This is one of the biggest strengths of Datastage. For cases in which you have changed your processing configurations, or changed servers or platform, you will never have to worry about it affecting your jobs since  all the jobs depend on this configuration file for execution. Datastage jobs determine which node to run the process on, where to store the temporary data, where to store the dataset data, based on the entries provide in the configuration file. There is a default configuration file available whenever the server is installed.
The configuration files have extension ".apt". The main outcome from having the configuration file is to separate software and hardware configuration from job design. It allows changing hardware and software resources without changing a job design. Datastage jobs can point to different configuration files by using job parameters, which means that a job can utilize different hardware architectures without being recompiled.
The configuration file contains the different processing nodes and also specifies the disk space provided for each processing node which are logical processing nodes that are specified in the configuration file. So if you have more than one CPU this does not mean the nodes in your configuration file correspond to these CPUs. It is possible to have more than one logical node on a single physical node. However you should be wise in configuring the number of logical nodes on a single physical node. Increasing nodes, increases the degree of parallelism but it does not necessarily mean better performance because it results in more number of processes. If your underlying system should have the capability to handle these loads then you will be having a very inefficient configuration on your hands.

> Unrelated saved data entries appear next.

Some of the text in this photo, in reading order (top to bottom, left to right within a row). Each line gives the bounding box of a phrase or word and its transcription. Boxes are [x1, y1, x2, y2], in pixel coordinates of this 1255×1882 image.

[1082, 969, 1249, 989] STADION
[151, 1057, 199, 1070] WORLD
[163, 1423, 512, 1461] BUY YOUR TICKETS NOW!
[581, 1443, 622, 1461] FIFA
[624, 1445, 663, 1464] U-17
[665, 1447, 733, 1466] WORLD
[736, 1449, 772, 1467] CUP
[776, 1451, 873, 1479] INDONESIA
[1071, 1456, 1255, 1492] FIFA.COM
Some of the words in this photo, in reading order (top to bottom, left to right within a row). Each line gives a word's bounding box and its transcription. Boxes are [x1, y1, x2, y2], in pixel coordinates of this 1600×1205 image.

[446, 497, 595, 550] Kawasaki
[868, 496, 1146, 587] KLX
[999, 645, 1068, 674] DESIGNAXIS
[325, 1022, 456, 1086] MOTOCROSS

1.    APT_CONFIG_FILE is the file using which DataStage determines the configuration file (one can have many configuration files for a project) to be used. In fact, this is what is generally used in production. However, if this environment variable is not defined then how DataStage determines which file to use ??
1.    If the APT_CONFIG_FILE environment variable is not defined then DataStage look for default configuration file (config.apt) in following path:
1.    Current working directory.
2.    INSTALL_DIR/etc, where INSTALL_DIR ($APT_ORCHHOME) is the top level directory of DataStage installation.

2.    Define Node in configuration file
A Node is a logical processing unit. Each node in a configuration file is distinguished by a virtual name and defines a number and speed of CPUs, memory availability, page and swap space, network connectivity details, etc.

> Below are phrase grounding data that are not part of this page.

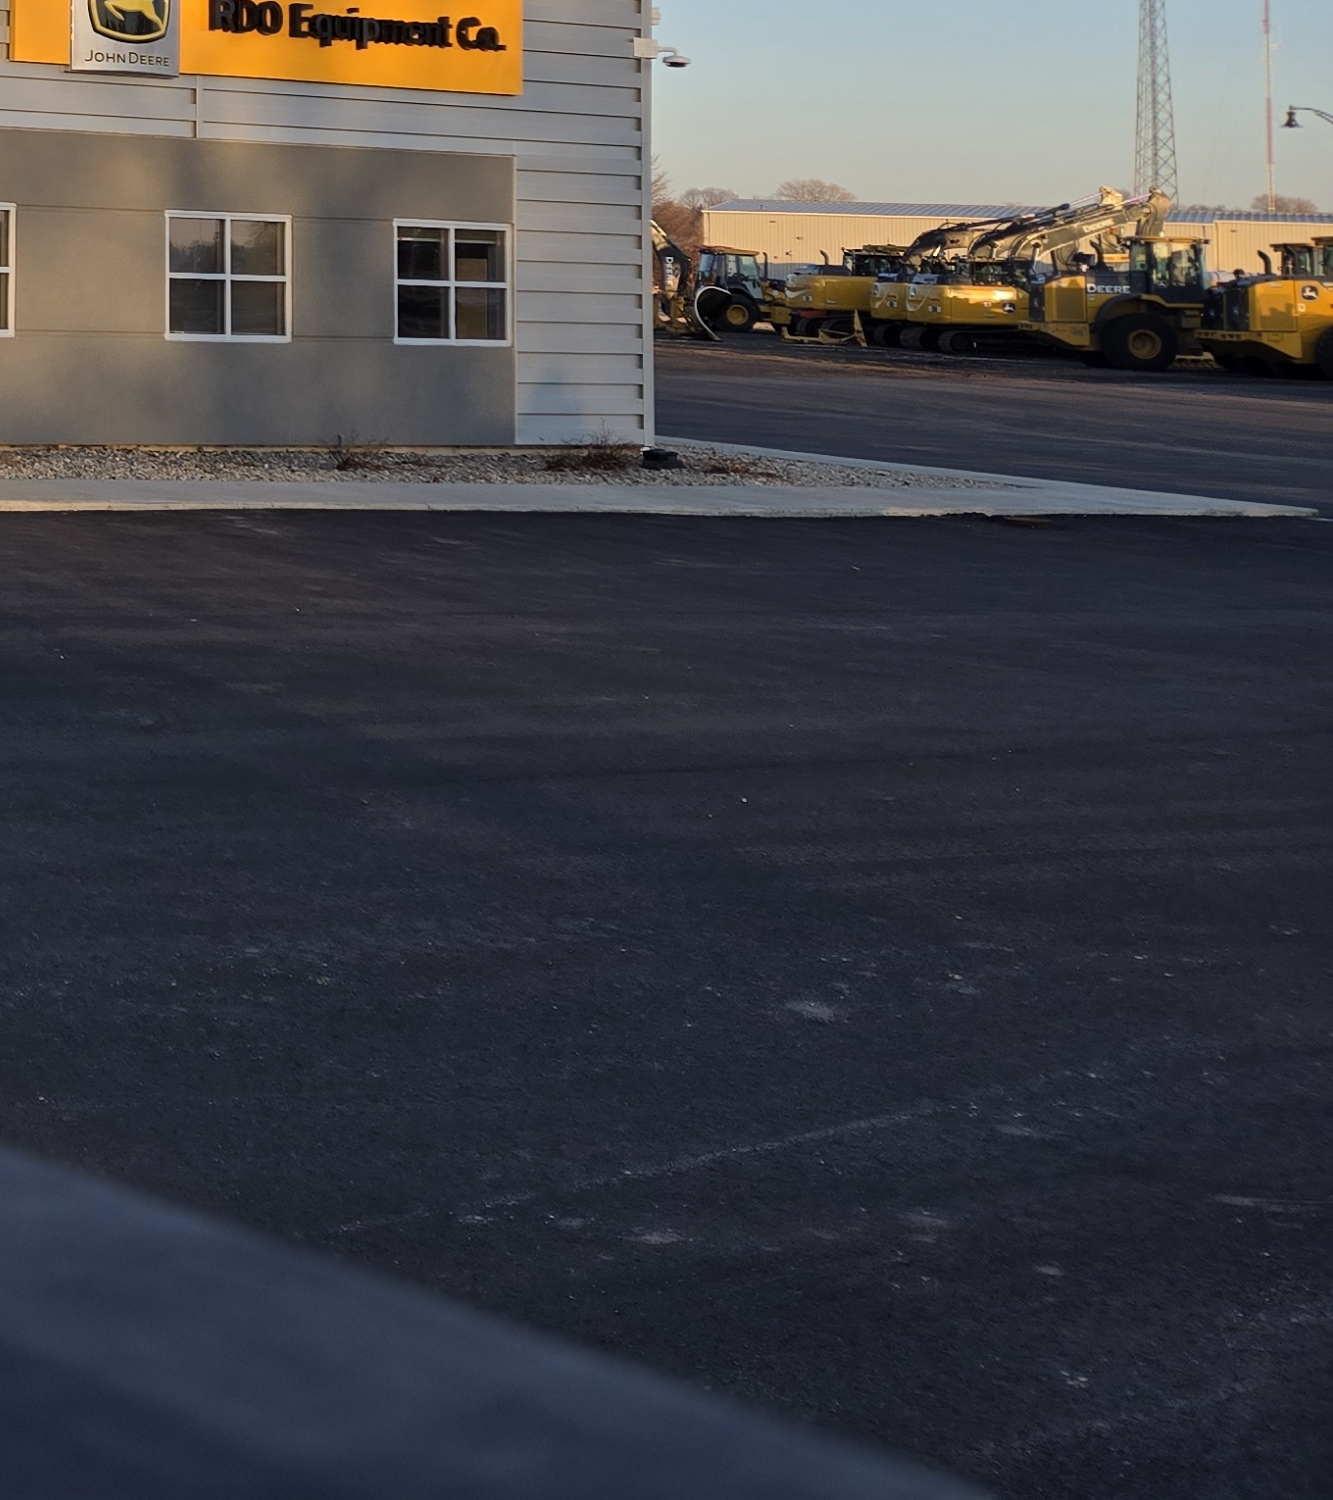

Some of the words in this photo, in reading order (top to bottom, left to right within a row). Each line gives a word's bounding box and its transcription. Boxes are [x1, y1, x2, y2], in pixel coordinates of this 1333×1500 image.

[288, 3, 453, 50] Equipment
[456, 16, 507, 51] Co.
[84, 50, 126, 63] JOHN
[128, 52, 170, 67] DEERE
[1086, 283, 1131, 294] DEERE

3.    What are the different options a logical node can have in the configuration file?
1.    fastname – The fastname is the physical node name that stages use to open connections for high volume data transfers. The attribute of this option is often the network name. Typically, you can get this name by using Unix command ‘uname -n’.
2.    pools – Name of the pools to which the node is assigned to. Based on the characteristics of the processing nodes you can group nodes into set of pools.
1.    A pool can be associated with many nodes and a node can be part of many pools.
2.    A node belongs to the default pool unless you explicitly specify apools list for it, and omit the default pool name (“”) from the list.
3.    A parallel job or specific stage in the parallel job can be constrained to run on a pool (set of processing nodes).
1.    In case job as well as stage within the job are constrained to run on specific processing nodes then stage will run on the node which is common to stage as well as job.
3.    resource  resource resource_type “location” [{pools “disk_pool_name”}]  | resource resource_type “value” . resource_type can becanonicalhostname (Which takes quoted ethernet name of a node in cluster that is unconnected to Conductor node by the hight speed network.) or disk (To read/write persistent data to this directory.) or scratchdisk (Quoted absolute path name of a directory on a file system where intermediate data will be temporarily stored. It is local to the processing node.) or RDBMS Specific resourses (e.g. DB2, INFORMIX, ORACLE, etc.)

4.    How datastage decides on which processing node a stage should be run?
1.    If a job or stage is not constrained to run on specific nodes then parallel engine executes a parallel stage on all nodes defined in the default node pool. (Default Behavior)
2.    If the node is constrained then the constrained processing nodes are chosen while executing the parallel stage.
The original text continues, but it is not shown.